Does your Bible talk to you?
With new technology, now it can. Bobby Gruenewald’s “Bible” app by YouVersionfocuses on engagement with reminders, daily verses, and holiday notifications, In an interview with The Huffington Post, Gruenewald referred to the interactions as “a real simple nudge” to help people on their faith journey.
Ramped-up engagement wasn’t part of the original plan. “We were afraid people would uninstall the app,” Gruenewald admits in an interview with The Atlantic, referring to the first time he and his team sent out an unsolicited “Merry Christmas” message. However, their worries proved unfounded, as people shared the good wishes with their social networks. They felt like “God was reaching out to them,” Gruenewald explained.
The plan worked, with the Bible app reaching a milestone on July 8, hitting a staggering 100 million downloads, which puts it in the ranks of big players like Instagram, Facebook, and Twitter. The pastor initially hoped for 80,000 downloads in the first six months, but the app surpassed that number the very first weekend the app was released.
Its continued popularity is impressive, especially given that “Bible” was among the first 200 apps on iTunes and the number now is over 900,000. Though Gruenewald is not sure of the exact adoption numbers of the app amongst his own evangelical faith community, he says confidently that the majority of smartphone-users have the app.
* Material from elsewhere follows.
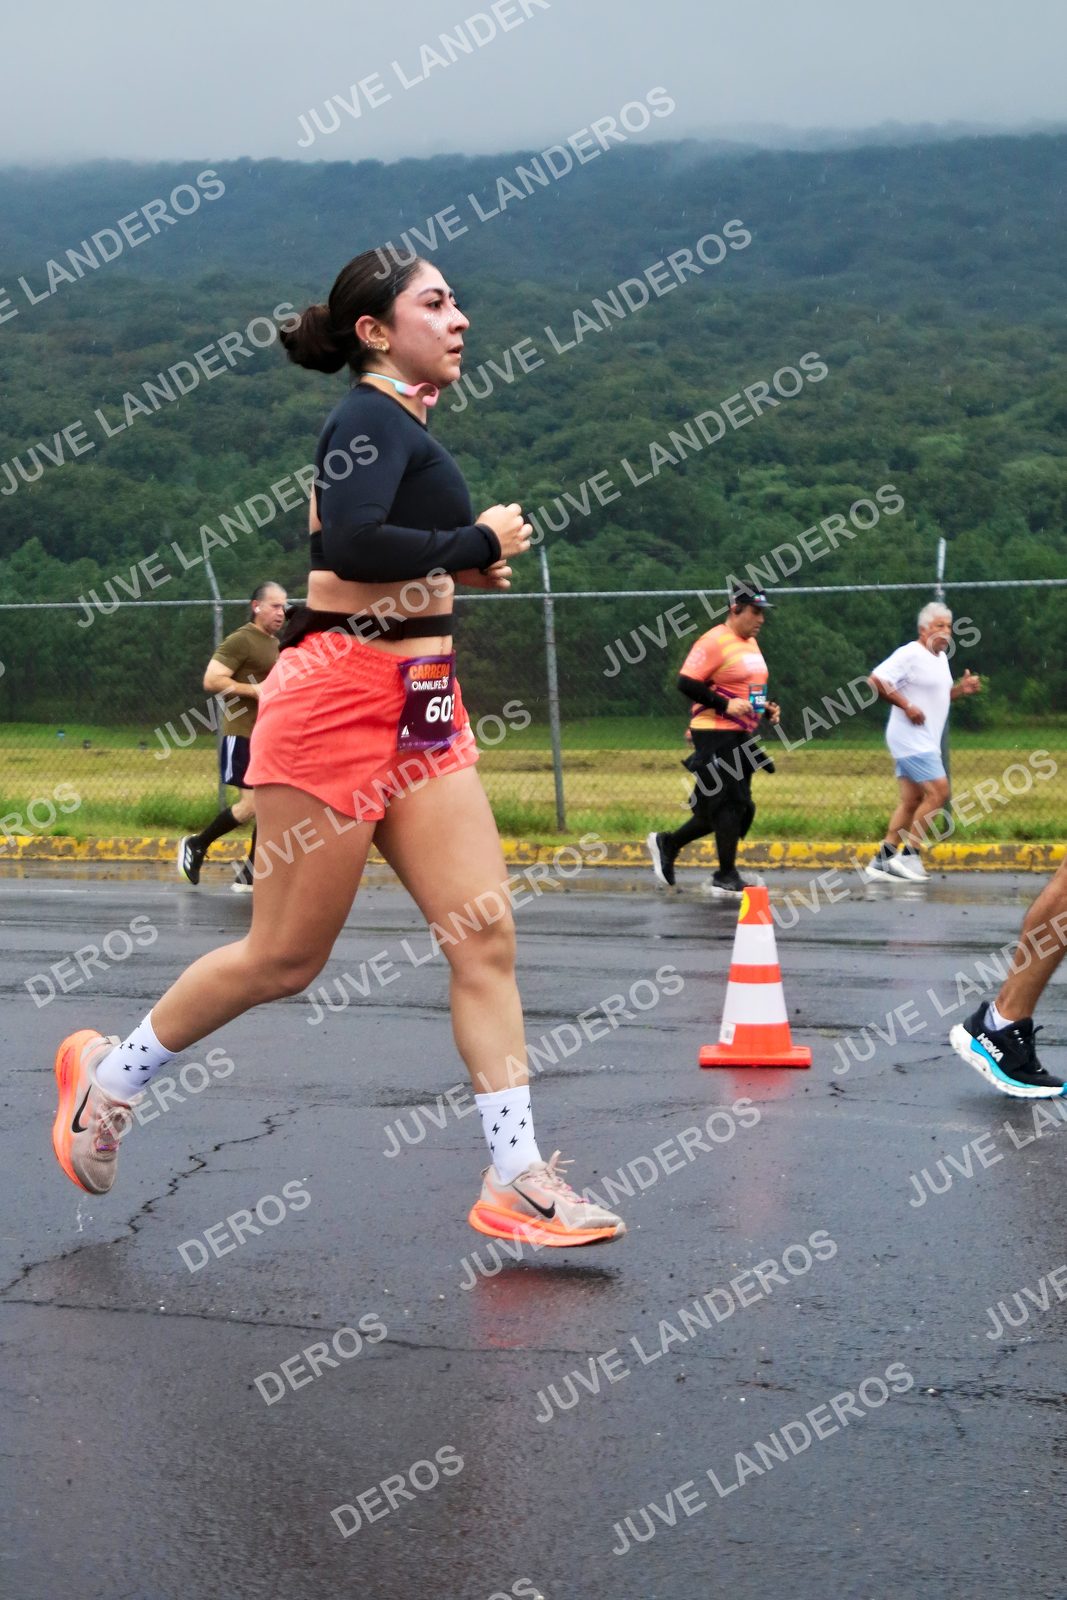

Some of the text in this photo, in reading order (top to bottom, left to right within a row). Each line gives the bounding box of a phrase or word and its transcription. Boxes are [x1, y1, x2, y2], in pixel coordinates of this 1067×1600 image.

[409, 664, 450, 680] CARRERA
[412, 681, 442, 691] OMNILIFE
[976, 1033, 1004, 1063] HOKA
Despite its success, the app remains free, and does not have any advertising. If Gruenewald has his way, it never will. Though it’s backed by LifeChurch.tv of Edmond, Oklahoma, who has invested more than $20 million, Gruenewald maintains that, “the goal is to reach and engage as many people as possible with scripture. That’s all.” LifeChurch.tv is part of the Evangelical Covenant Church, founded in 1885 by Swedish immigrants.
In line with its mission statement of getting people involved with their faith through scripture, the app offers reading plans of varying intensity to serve a modern congregation often on the go. These plans deliver a relevant scripture verse to users each day that are themed around the topic selected by the user. These topics include struggles like “Addictions,” but also holiday-themed ones like the “Lent” reading plan. The most popular plan is “Dating,” which testifies to the success the app’s had with a young demographic. The second most popular plan is “Love and Marriage.”
Over 400 languages are offered on the app, with English, Korean, Chinese, Spanish, followed by Brazilian Portuguese clocking in as the top versions. For missionaries, it’s proven to be a cost-effective way of publishing the Bible in obscure languages that may only be spoken by a handful of people.
Will the convenience of a “smart Bible” decrease the popularity of physical Bibles? Gruenewald compares his innovation to Gutenberg’s in his Fast Company profile, commenting, “The printing press was revolutionary to the Bible. Today, everyone has a printing press.”